── STUDY MATERIAL ──

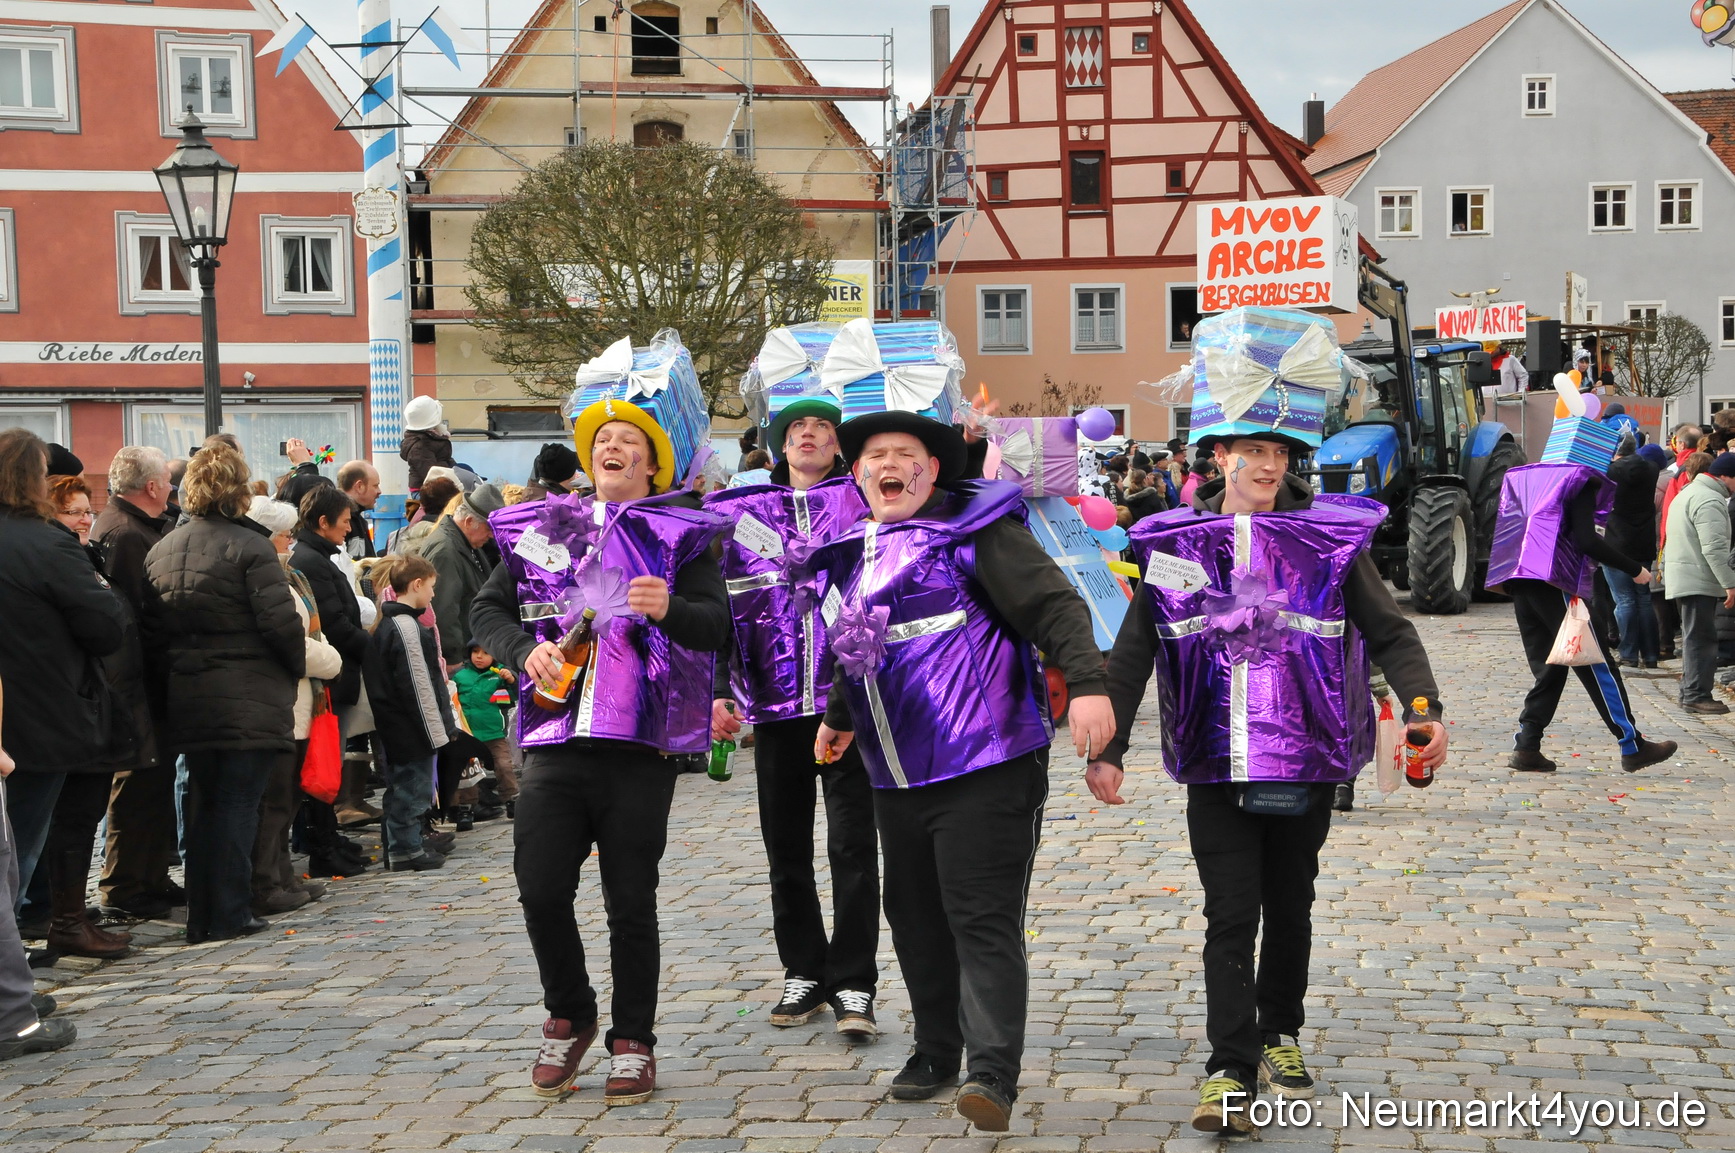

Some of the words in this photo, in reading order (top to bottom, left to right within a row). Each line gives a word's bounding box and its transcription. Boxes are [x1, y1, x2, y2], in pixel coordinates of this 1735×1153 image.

[1211, 205, 1322, 238] MVOV
[1207, 237, 1326, 281] ARCHE
[1201, 281, 1331, 311] BERGHAUSEN
[1482, 304, 1525, 335] ARCHE
[38, 342, 113, 362] Riebe
[120, 344, 204, 362] Moden
[1153, 556, 1169, 566] TAKE
[1169, 560, 1179, 569] ME
[1164, 567, 1190, 578] UNWRAP
[1258, 792, 1297, 801] REISEBÜRO
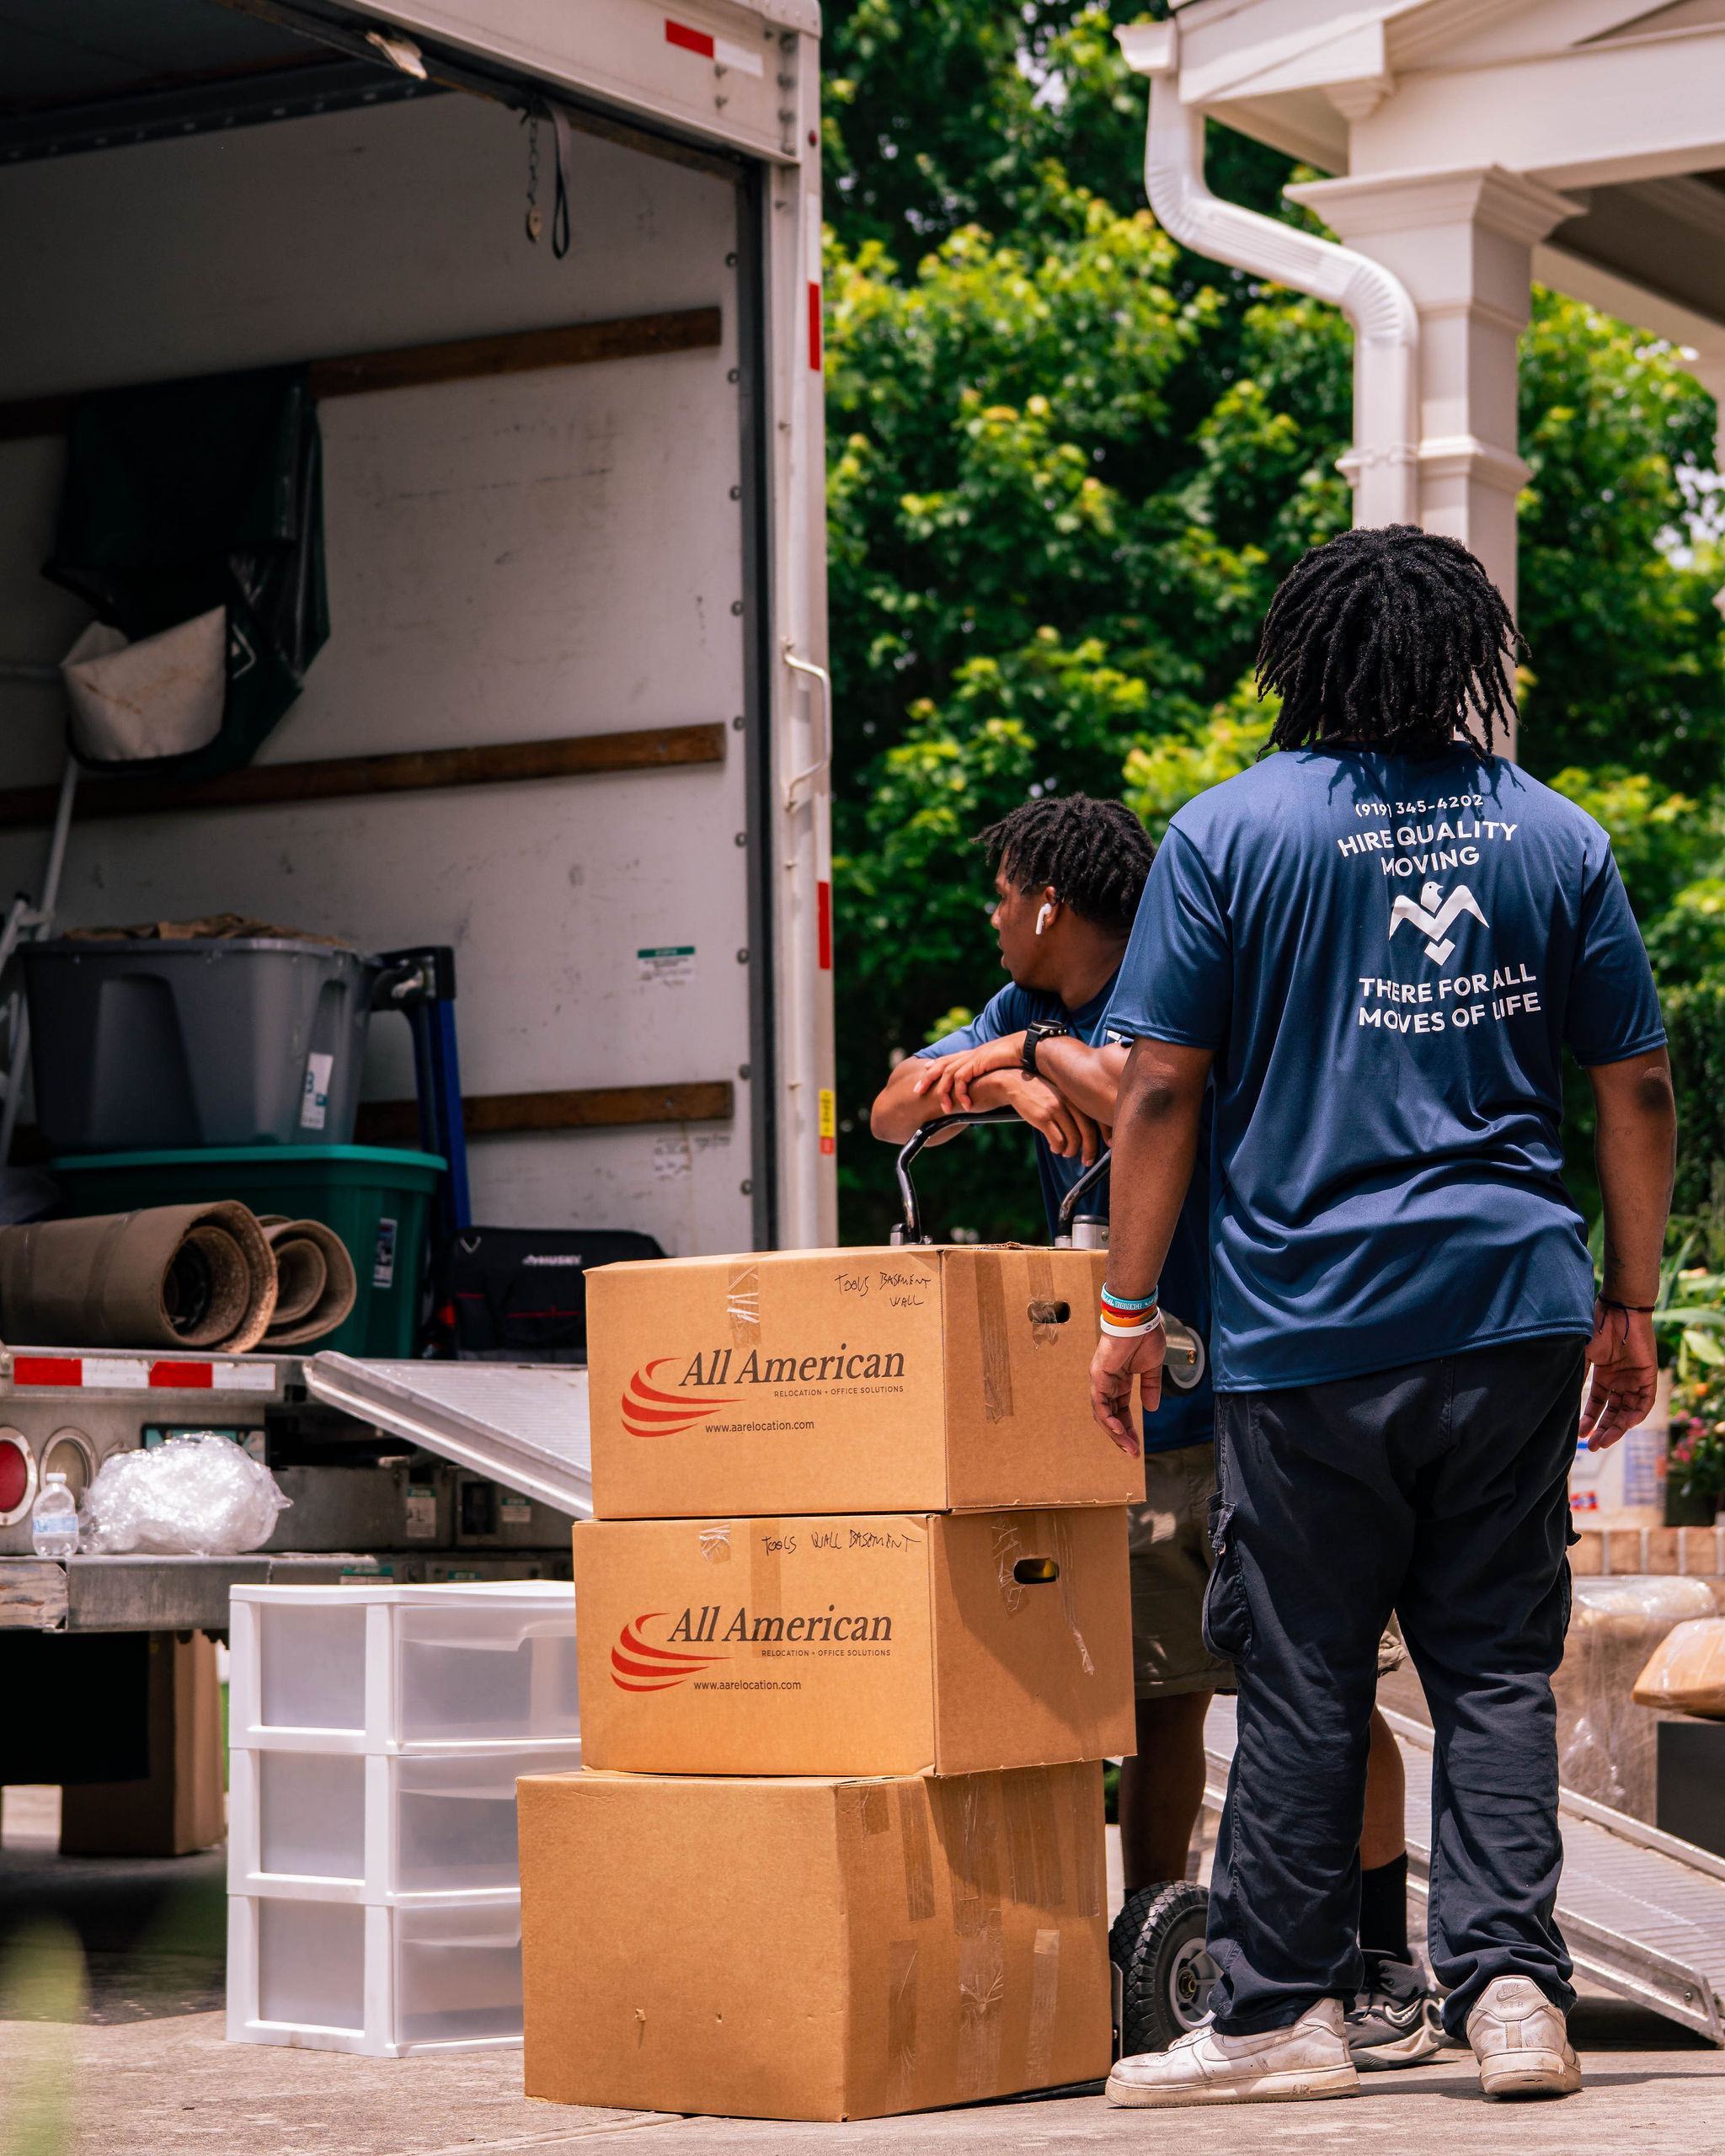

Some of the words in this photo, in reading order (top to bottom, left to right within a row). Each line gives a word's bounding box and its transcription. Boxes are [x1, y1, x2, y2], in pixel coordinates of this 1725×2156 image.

[1354, 803, 1392, 818] (919)
[1396, 794, 1484, 814] 345-4202
[1337, 830, 1395, 857] HIRE
[1397, 820, 1518, 846] QUALITY
[1381, 846, 1480, 877] MOVING
[1359, 978, 1434, 1004] THERE
[1439, 974, 1490, 1000] FOR
[1493, 963, 1537, 990] ALL
[1359, 1006, 1445, 1033] MOVES
[1451, 1004, 1486, 1027] OF
[1492, 992, 1541, 1021] LIFE
[889, 1294, 925, 1308] WALL
[679, 1348, 734, 1387] All
[734, 1342, 905, 1385] American
[774, 1389, 823, 1397] RELOCATION
[830, 1387, 858, 1396] OFFICE
[860, 1385, 904, 1394] SOLUTIONS
[705, 1419, 814, 1433] www.aarelocation.com
[667, 1606, 721, 1642] All
[722, 1604, 892, 1641] American
[761, 1649, 809, 1657] RELOCATION
[818, 1649, 845, 1657] OFFICE
[847, 1649, 891, 1657] SOLUTIONS
[693, 1678, 802, 1691] www.aarelocation.com

───

### BRIEF:
Make an exact copy of every entry above, minus the images.

### WRITTEN RESPONSE:
Some of the words in this photo, in reading order (top to bottom, left to right within a row). Each line gives a word's bounding box and its transcription. Boxes are [x1, y1, x2, y2], in pixel coordinates of this 1735×1153 image.

[1211, 205, 1322, 238] MVOV
[1207, 237, 1326, 281] ARCHE
[1201, 281, 1331, 311] BERGHAUSEN
[1482, 304, 1525, 335] ARCHE
[38, 342, 113, 362] Riebe
[120, 344, 204, 362] Moden
[1153, 556, 1169, 566] TAKE
[1169, 560, 1179, 569] ME
[1164, 567, 1190, 578] UNWRAP
[1258, 792, 1297, 801] REISEBÜRO

Some of the words in this photo, in reading order (top to bottom, left to right within a row). Each line gives a word's bounding box and its transcription. Boxes are [x1, y1, x2, y2], in pixel coordinates of this 1725×2156 image.

[1354, 803, 1392, 818] (919)
[1396, 794, 1484, 814] 345-4202
[1337, 830, 1395, 857] HIRE
[1397, 820, 1518, 846] QUALITY
[1381, 846, 1480, 877] MOVING
[1359, 978, 1434, 1004] THERE
[1439, 974, 1490, 1000] FOR
[1493, 963, 1537, 990] ALL
[1359, 1006, 1445, 1033] MOVES
[1451, 1004, 1486, 1027] OF
[1492, 992, 1541, 1021] LIFE
[889, 1294, 925, 1308] WALL
[679, 1348, 734, 1387] All
[734, 1342, 905, 1385] American
[774, 1389, 823, 1397] RELOCATION
[830, 1387, 858, 1396] OFFICE
[860, 1385, 904, 1394] SOLUTIONS
[705, 1419, 814, 1433] www.aarelocation.com
[667, 1606, 721, 1642] All
[722, 1604, 892, 1641] American
[761, 1649, 809, 1657] RELOCATION
[818, 1649, 845, 1657] OFFICE
[847, 1649, 891, 1657] SOLUTIONS
[693, 1678, 802, 1691] www.aarelocation.com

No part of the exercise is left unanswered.